Every steward has an area of focus as it relates to improving well-being. Each of us has carved out our role in these respective areas, making up part of an ecosystem. Rippel’s is health. Other stewards focus on democracy, equity, the environment, placemaking, the economy, education, or some combination.
We’ve done a lot of hard work, and we’ve had many breakthroughs. Yet despite our significant investments in time and money, we haven’t made enough progress toward well-being in the United States. A lot of us have been reflecting and many are asking: what can we do differently?
Through our work in the Amplifying Stewardship Together project, we are exploring two big questions that stewards are encountering every day:
- How can we acknowledge our limitations, amplify our strengths, and expand our horizons?
- Could we better achieve our goals if we work more cohesively and with a greater level of accountability to one another?
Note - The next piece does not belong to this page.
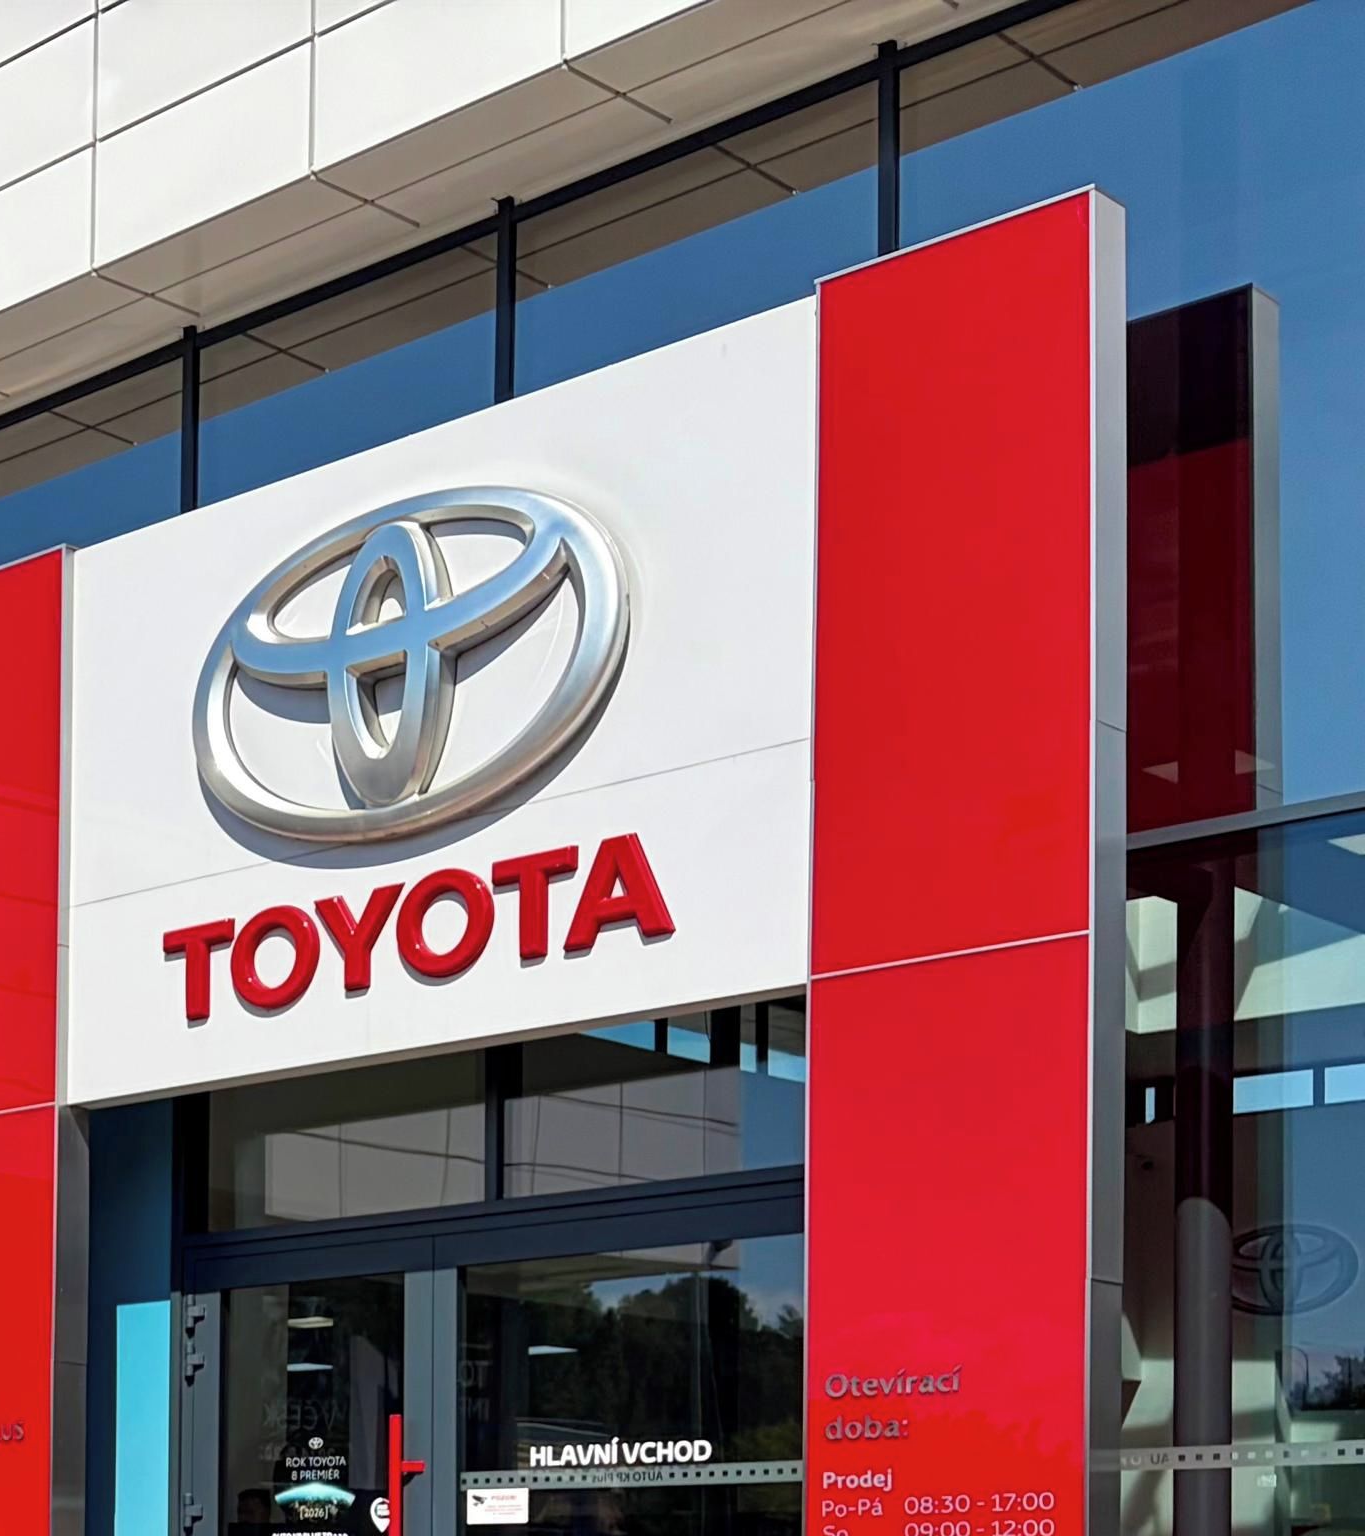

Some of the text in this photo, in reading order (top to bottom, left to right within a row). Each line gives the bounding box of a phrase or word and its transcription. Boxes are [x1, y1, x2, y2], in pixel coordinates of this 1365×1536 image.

These are good questions because they challenge us to face our dominant patterns of thinking and acting that weaken our collective ability to succeed. They open us up to other important questions, which we are also working to clarify through the project:
- How can we avoid pursuing narrow solutions when we know that barriers to well-being are complex and often can’t be “solved” by one sector or organization alone?
- How do we resist “quick fix” temptations when we know success depends on taking a long-term approach to problem-solving?
- How do we collaborate in ways that include all the people, organizations, and ideas that would strengthen our practice? In ways that recognize we can humbly learn from some marginalized cultures that have been encouraging us to work more cooperatively all along?
- How do we recognize one another’s strengths and see the potential of what we could do with greater alignment instead of magnifying our differences?
- How do we stop writing off those who might one day be effective stewards by wrongly assuming their intentions?
Amplifying Stewardship Together is about working as a group to openly learn from our independent and collective successes and failures, and seeing our differences as assets, so we can adapt our thinking and practices for a more inclusive, cohesive, and effective future. Because we work in such a complex and massive ecosystem that makes up well-being in the United States, we don’t assume it’s possible, or helpful, to create a giant infrastructure and set of processes to help us all work together. But we can lift up shared principles and practices to use as we each go about our own area of focus.
When we amplify these shared principles and practices in our daily work, we will naturally set the conditions that steward well-being across the country. Through this commitment we will create a shared identity and thus the opportunity to claim broader scope and power as part of a visible movement that is stewarding equitable ecosystems for well-being.